Bottom line, buckle up. There is an epidemic curve in every state (exponential growth), numbers of infected people in the USA are going to get really big. There is little doubt that we will be in the unenviable position of #1 infections in the world by the end of the week. The USA is the epicenter of this outbreak now.
Iceland: Iceland has one of the most progressive healthcare systems in the world. Their approach to this outbreak. Test everyone! They only have 364,000 citizens, but their plan is to test everyone on their island. This is a monumental science experiment that will benefit the rest of the world. We will get robust numbers on the numbers of people who are asymptomatic carriers in the population. They only started on Friday, but initial results show that half of those who tested positive are currently non-symptomatic. This reinforces the stay-at-home directives we all are currently experiencing: you could currently feel fine, but you are carrying and shedding the virus.

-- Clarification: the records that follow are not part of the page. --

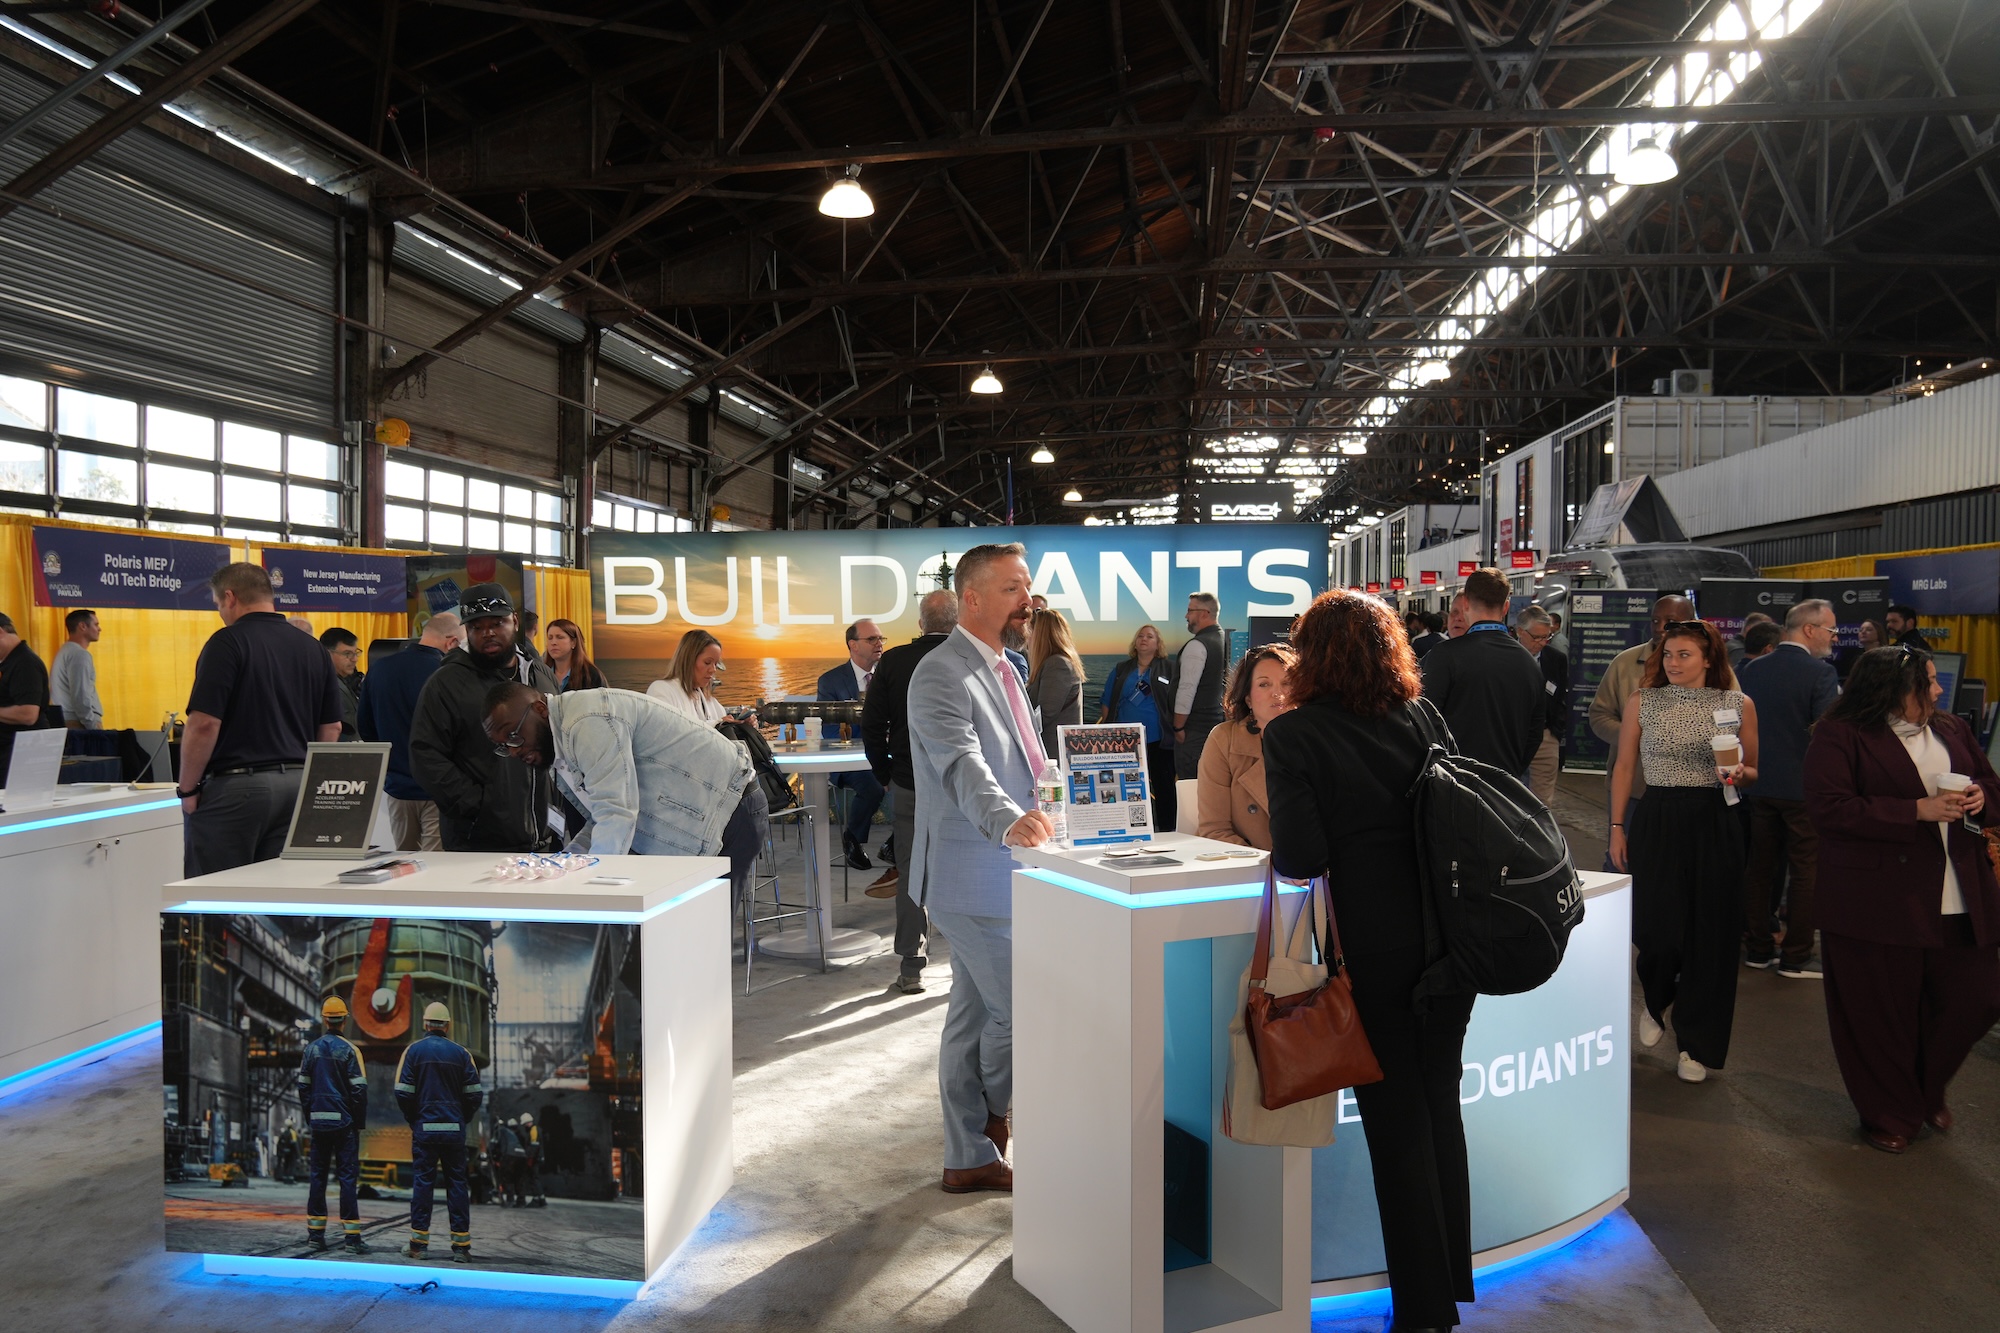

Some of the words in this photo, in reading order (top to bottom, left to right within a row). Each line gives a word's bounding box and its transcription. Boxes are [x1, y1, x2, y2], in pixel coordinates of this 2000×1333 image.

[104, 553, 142, 570] Polaris
[144, 556, 168, 571] MEP
[169, 559, 175, 572] /
[100, 572, 119, 586] 401
[121, 573, 147, 588] Tech
[148, 574, 182, 591] Bridge
[303, 569, 318, 579] New
[318, 570, 338, 581] Jersey
[339, 570, 381, 583] Manufacturing
[49, 583, 80, 591] INNOVATION
[603, 548, 1314, 626] BUILDANTS
[1912, 579, 1929, 590] MRG
[1930, 577, 1947, 589] Labs
[57, 589, 83, 597] PAVILION
[308, 584, 338, 594] Extension
[339, 585, 366, 596] Program,
[366, 585, 377, 595] Inc.
[1573, 602, 1602, 610] MRG
[1627, 597, 1647, 606] Analysis
[1627, 605, 1648, 613] Solutions
[1708, 620, 1725, 628] et's
[1727, 620, 1745, 628] Buil
[1920, 628, 1949, 638] REASE
[316, 780, 366, 795] ATDM
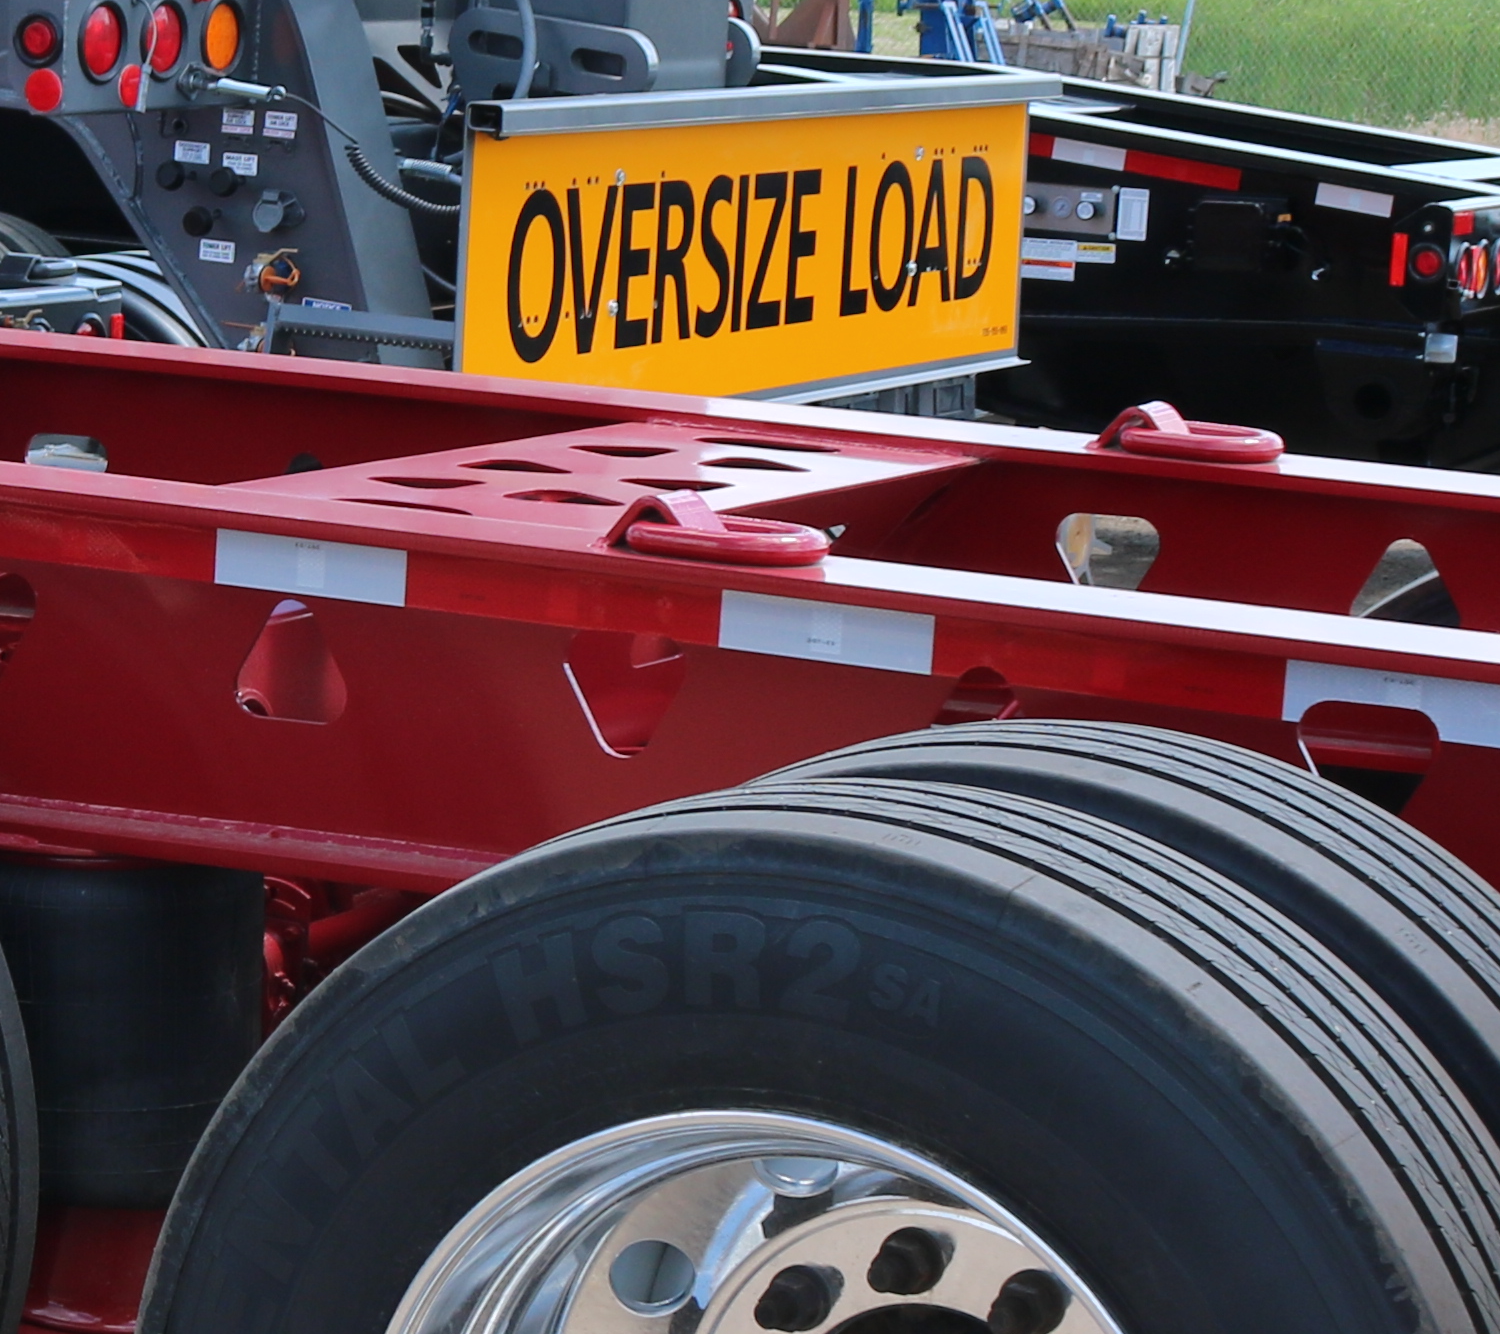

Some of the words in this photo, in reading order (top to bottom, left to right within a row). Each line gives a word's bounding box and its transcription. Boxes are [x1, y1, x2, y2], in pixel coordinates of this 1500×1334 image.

[506, 169, 822, 364] OVERSIZE
[838, 155, 994, 317] LOAD
[488, 907, 865, 1049] HSR2
[868, 961, 945, 1028] SA
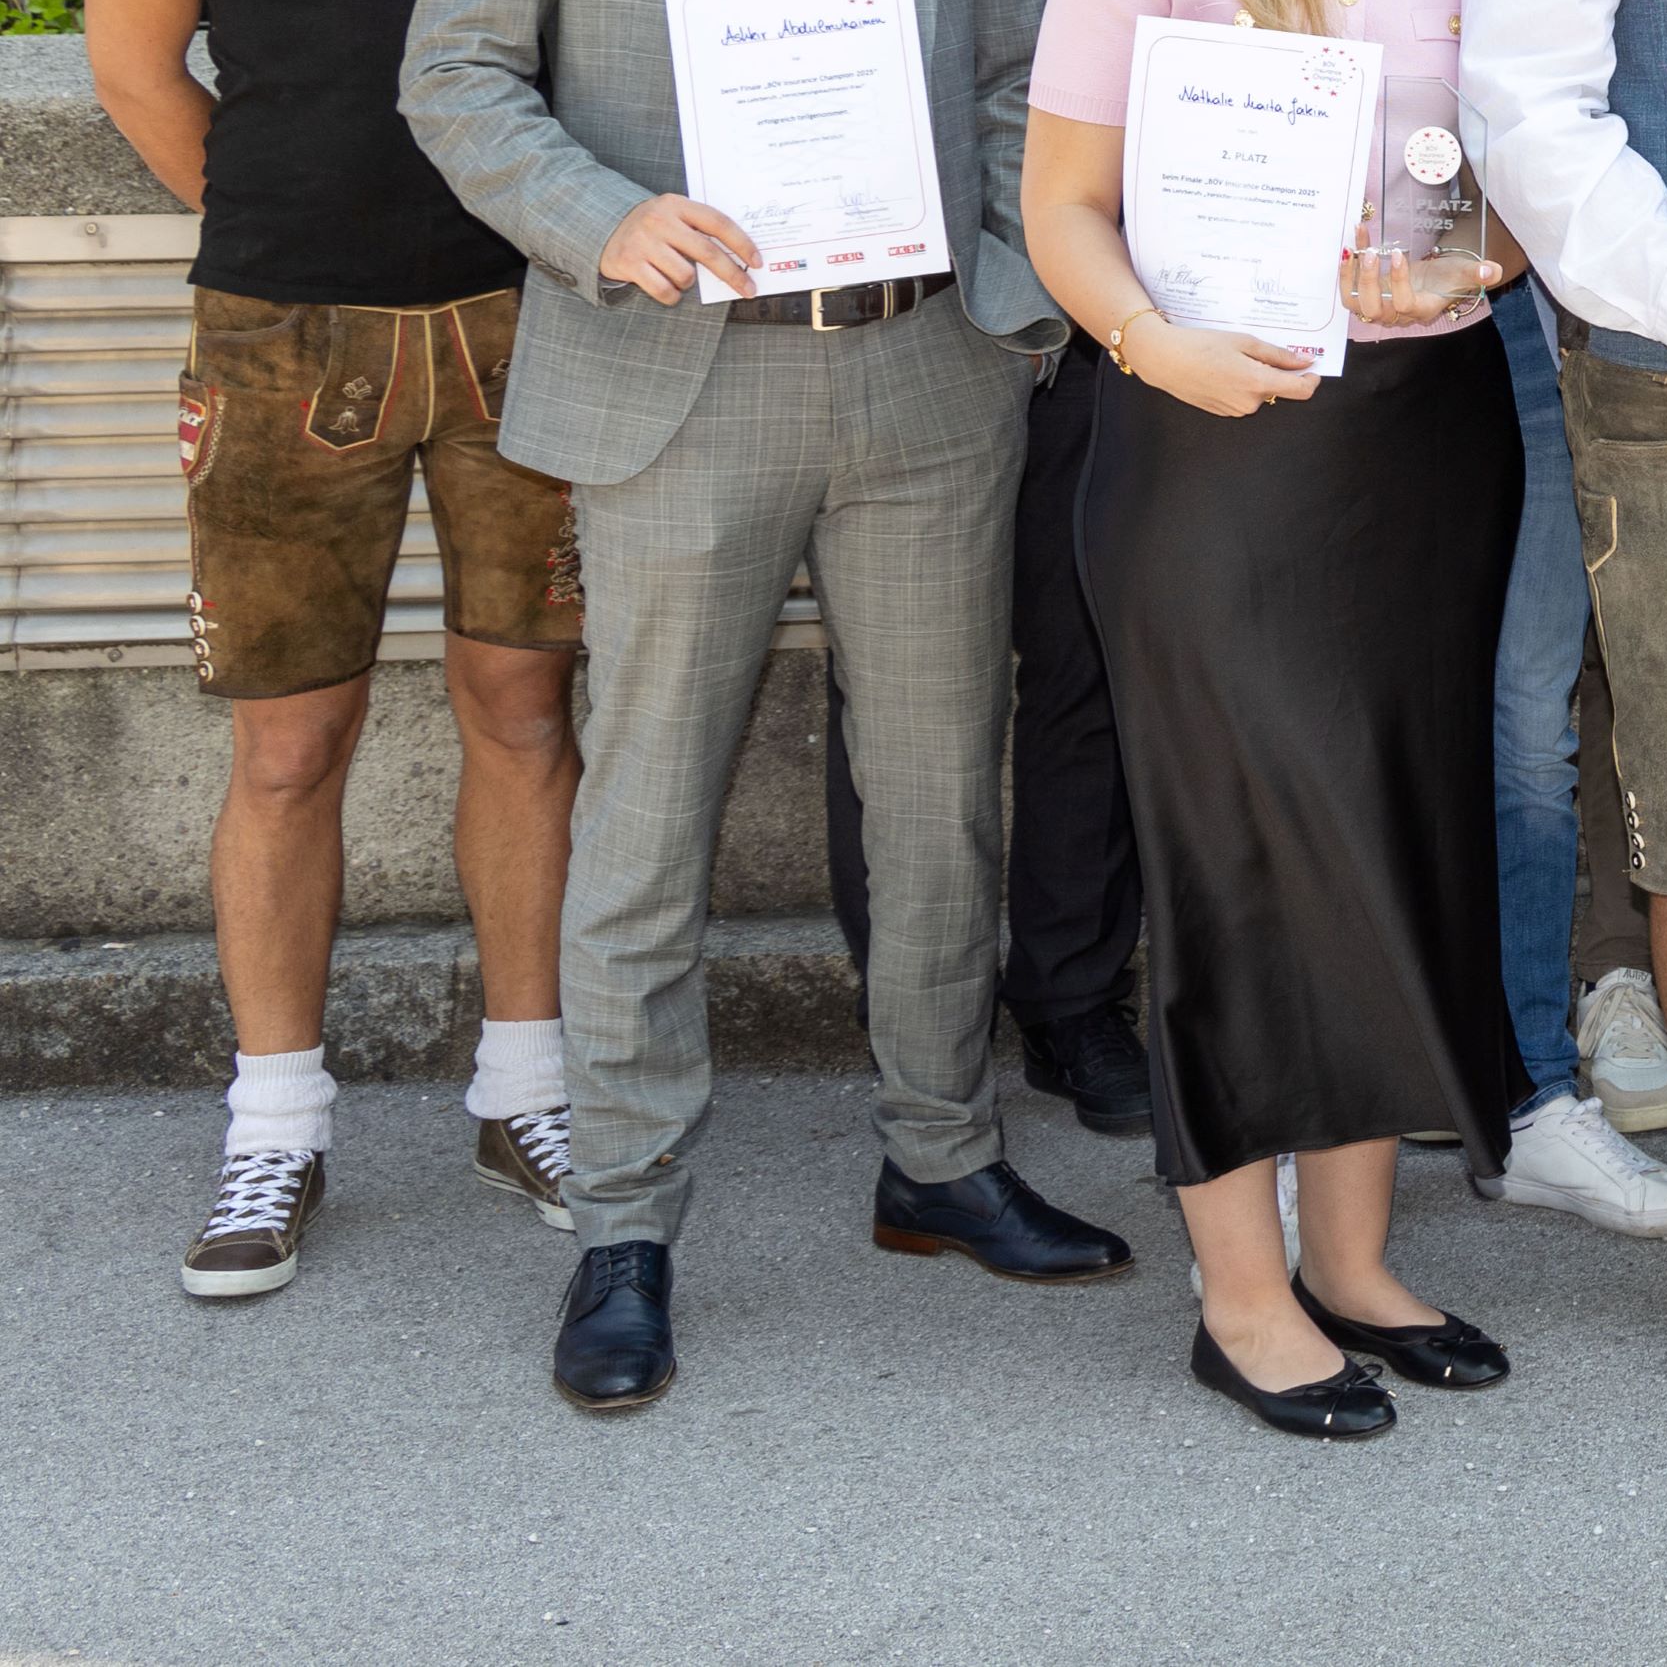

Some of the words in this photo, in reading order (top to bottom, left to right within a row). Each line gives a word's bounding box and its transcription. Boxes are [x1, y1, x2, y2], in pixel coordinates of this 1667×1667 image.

[1178, 84, 1235, 106] Nathalie
[1221, 150, 1232, 159] 2.
[1235, 151, 1267, 163] PLATZ
[1416, 200, 1472, 211] PLATZ
[1414, 219, 1453, 229] 2025

Viral Mutations: There was a wonderful piece written by Dr Trevor Bedford today that I will summarize here. I have seen a lot of people discuss new strains of SAVSCoV2 emerging and how this may lead to the vaccine not working. If we get a vaccine to work, viral mutations will not be a problem for some time.
SARSCoV2 is a RNA virus. Influenza is also an RNA virus. The molecular machinery RNA viruses use to replicate in the body is highly error prone. This results in rapid mutations.
If we look at influenza, and follow a transmission chain in which one person with the flu infects another person, and they infect another person and so on, you will find that the influenza virus mutates somewhere in its genome about once in every 10 days. Almost all of these mutations will have little to no effect on virus function. Evolution weeds out the mutations that "break" the virus. Mutations that make the virus replicate better are extremely rare. the majority of mutations have little to no functional benefit to the virus.
For influenza, the major driver of evolution is immunity. Mutations will occasionally appear in the genes that give rise to the virus's surface proteins (the H and N you see in flu designations). These mutations in the surface proteins cause people's existing immunity to no longer protect as efficiently against a newly emerged mutant virus. This is why the strain(s) used in the flu vaccine needs to be updated by WHO every year. Shown below, you can see the evolution of influenza H3N2 over the past 12 years, and the amount of "antigenic drift', ie evolution relevant to vaccines and immunity.
You can see with this tree, the original strain is at the bottom left (2008 - blue). The little branches that are all blue show new mutants, but few of them survive in the human population beyond that year. A new tree (green) starts above, and accumulates new mutations making multiple green branches. Some of these survive for a few years, before new branches (light green, yellow and orange) start breaking out. Basically, our immunity drives certain strains out of existence and only escape mutants, those which avoid our adaptive immunity, persist in the population. But they are eventually driven out of existence, and another new escape mutant emerges,
Importantly, this evolution takes years to occur. When pandemic swine flu emerged in 2009, it took the virus 3 years before we saw any evidence at all of antigenic drift.
Dr Bedford, estimates that SARSCoV2 will behave similarly to existing seasonal coronaviruses in its ability to mutate and avoid immunity. The primary protein targeted by immunity in CoV is the spike protein, and we see that in the human CoV OC43, that mutations in the spike protein do occur. But these mutations accumulate in the spike protein because of existing community immunity.
Again, the primary driver of accumulation of mutations is existing immunity in the population, of which (we) currently have none for the SARSCoV2. Therefore, the prediction is, mutations in the spike protein of SARSCoV2 will occur, but these mutations will require many years before they are relevant to escaping immunity from prior infection or immunity created from a vaccine in development.
This will allow vaccines under development to be tested and demonstrate their efficacy (and safety) and if they work, and the virus does mutate in the future, it will be easy to adjust the current vaccine to target the new mutant more efficiently.
So when you see someone talking about viral mutations and we are all doomed.... correct them. The science does not back up their beliefs.